“Concerning the Creation of the World”

Alan C. Miner

Cleon Skousen asks the question, When did human chronology begin? The well-known Irish archbishop, James Usher (or Ussher) who was born in Dublin in 1581 and died in 1656, devoted a great deal of his life attempting to correlate existing chronological data so that the events described in ancient times could be fixed with comparative accuracy. This work was complicated by the fact that genealogical tables, which he considered to be the most scientific method of fixing dates, were sometimes inaccurately recorded, and very often historians were not in agreement as to the date when a particular event of importance occurred.
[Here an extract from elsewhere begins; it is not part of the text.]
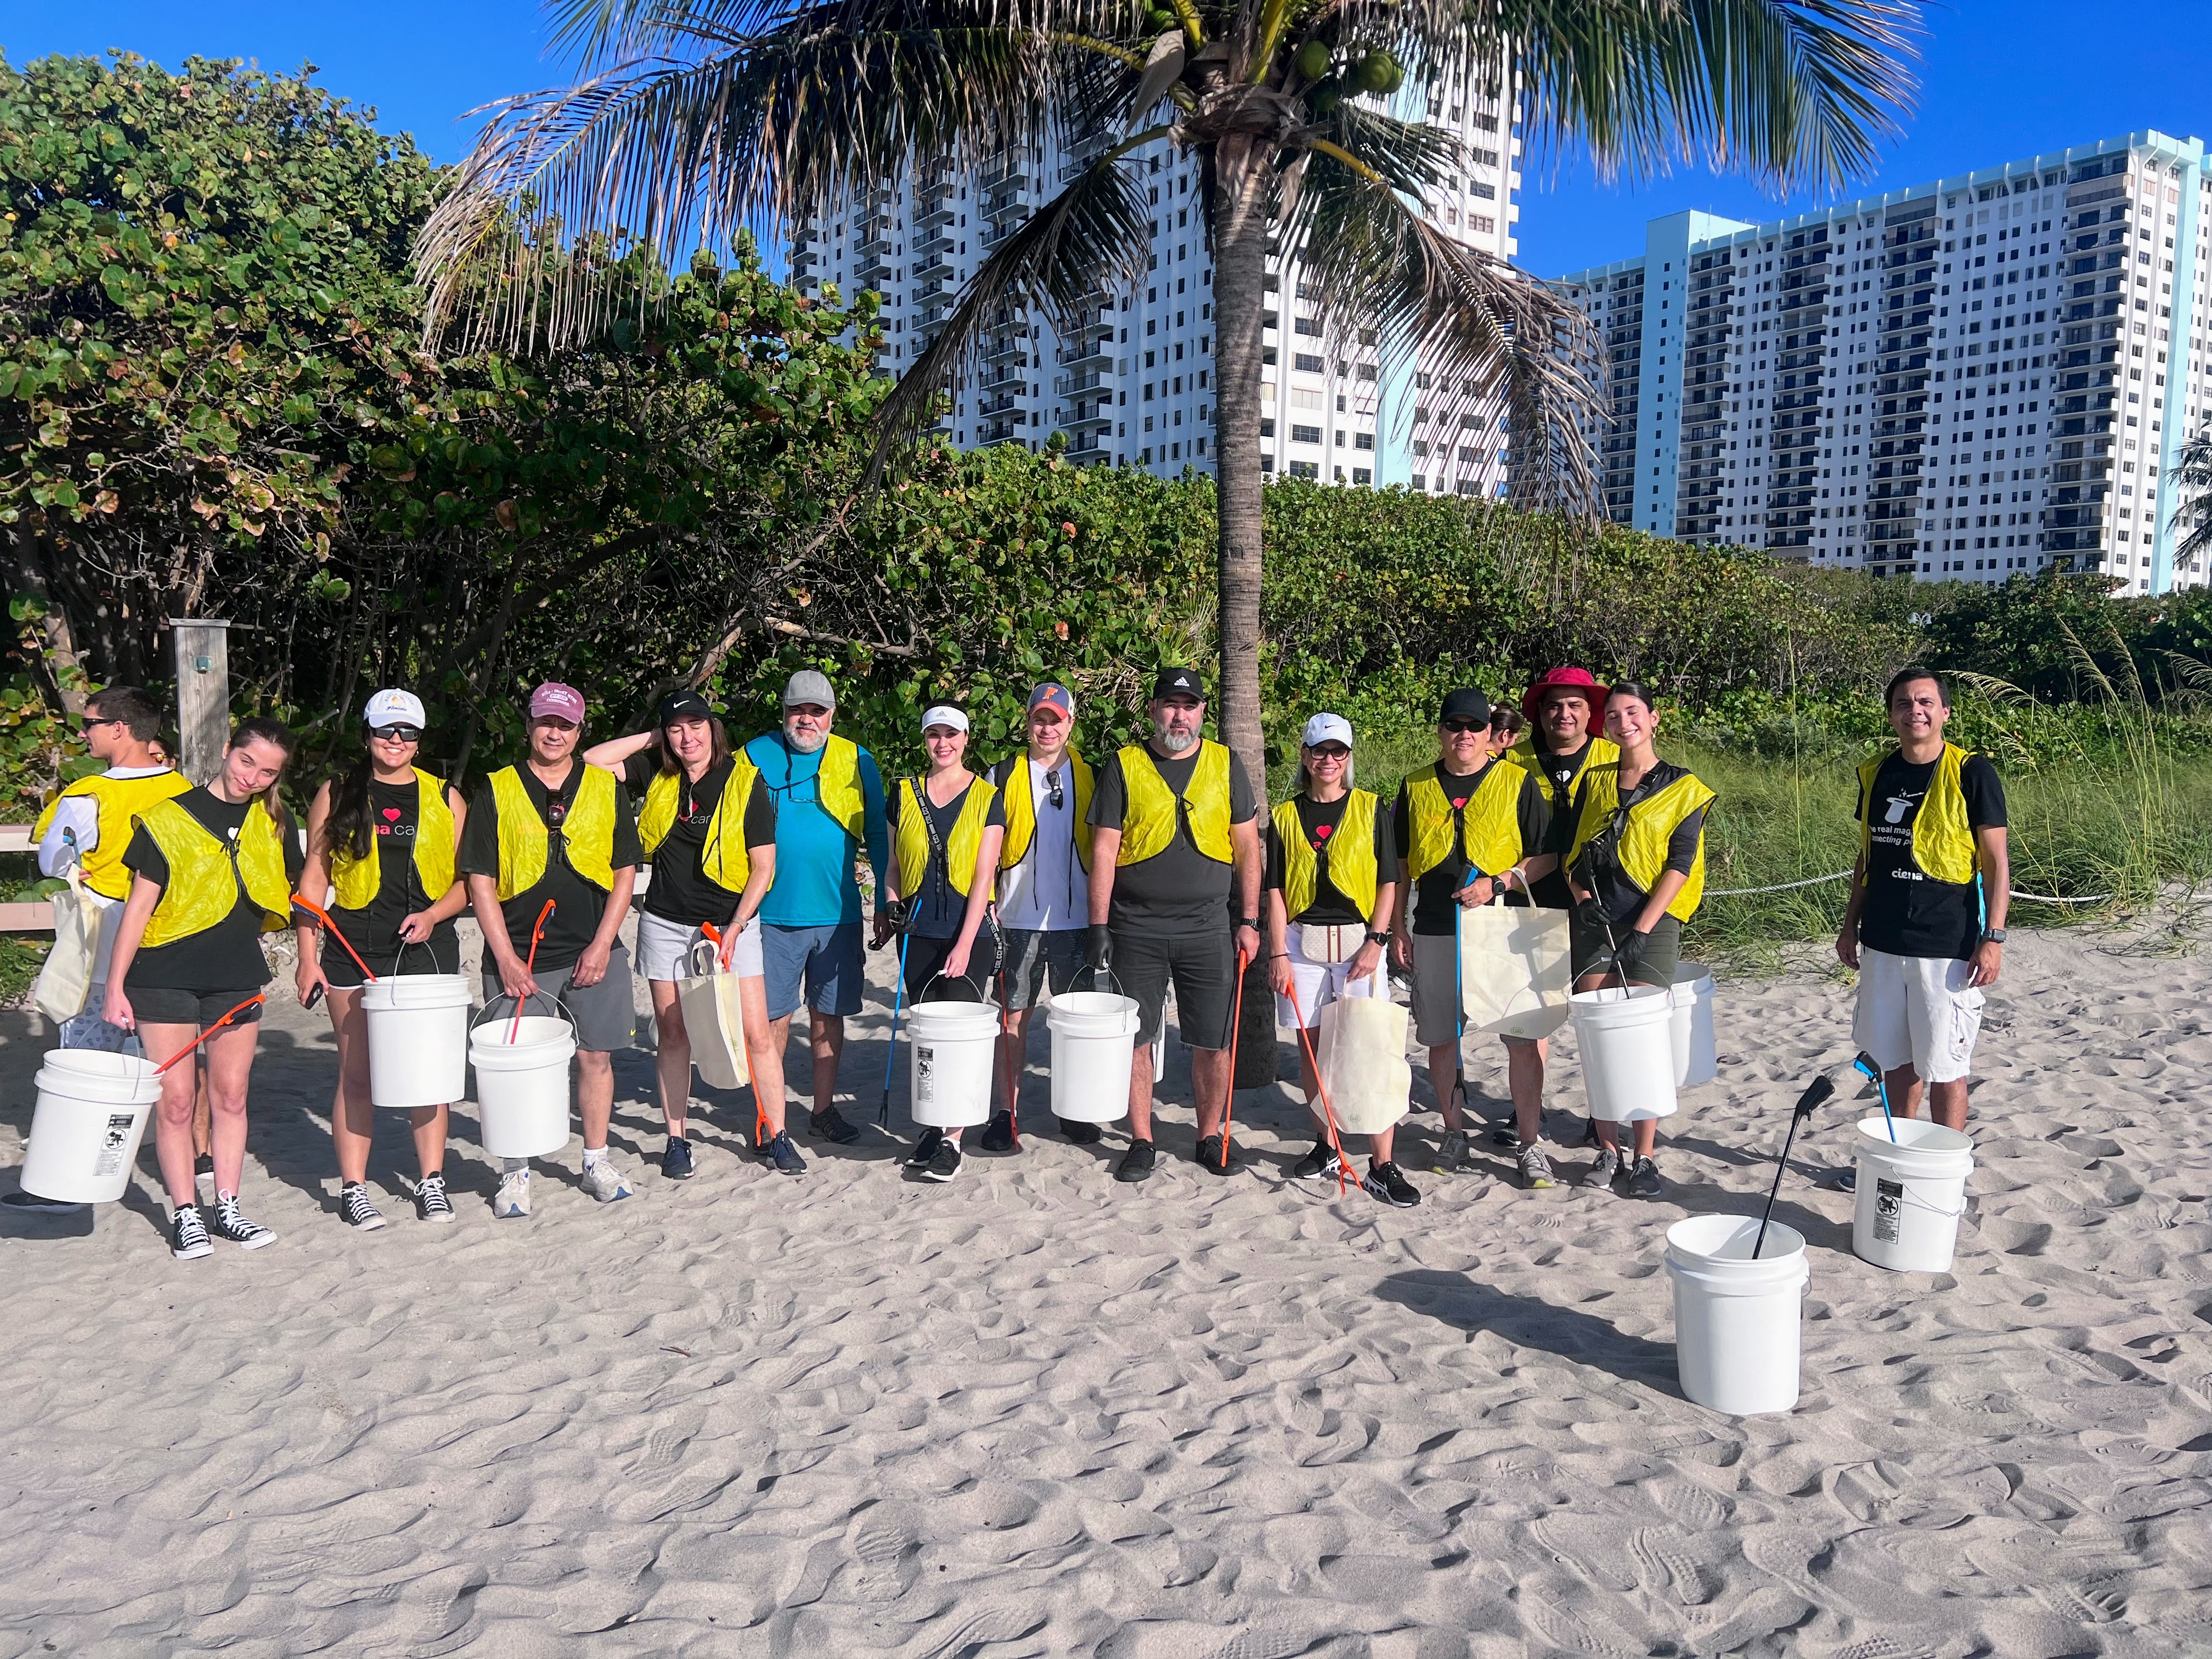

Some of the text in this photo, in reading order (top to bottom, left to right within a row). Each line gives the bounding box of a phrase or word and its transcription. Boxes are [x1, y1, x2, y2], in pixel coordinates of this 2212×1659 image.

As a result, the archbishop found it necessary on occasion arbitrarily to choose the date which he personally felt was most likely to be correct.

As Archbishop Usher projected his chronology back into the patriarchal period, he found his dates adding up to 4,004 B.C. for the genesis of Adam. This date became widely accepted as the beginning of the chronology of the Old Testament. Just why Archbishop Usher added four years to the previously accepted date of 4,000 B.C. is not entirely clear from his writings. There are so many places where arbitrary factors entered into his compilation that the extra four years which he finally had as a surplus could have been easily accounted for in a number of places so as to leave the “beginning” date at the more logical period of 4,000 B.C… .

It appears from a study of the scriptures that God designed his program in connection with human history “a thousand years” at a time. John the Revelator saw that human history was divided into seven periods of a thousand years each (Revelations 5:1-3; D&C 77:6-7). This is further verified in modern revelation where the Lord declares that the great judgment at the beginning of the millennium will be accompanied by a revelation of what occurred in “the first thousand years,” “the second thousand years” and so forth. (See D&C Section 88) These scriptures illustrate the inclination of the Lord to do things in thousand year periods and to divide his work accordingly. Therefore, with all due respect to the good work of Archbishop Usher, it is believed that the actual date for the beginning of human chronology was at the commencement of a thousand year period, i.e. 4,000 B.C., and that the birth of Christ was precisely four millenniums later. [W. Cleon Skousen, The First 2,000 Years, pp. 346-347]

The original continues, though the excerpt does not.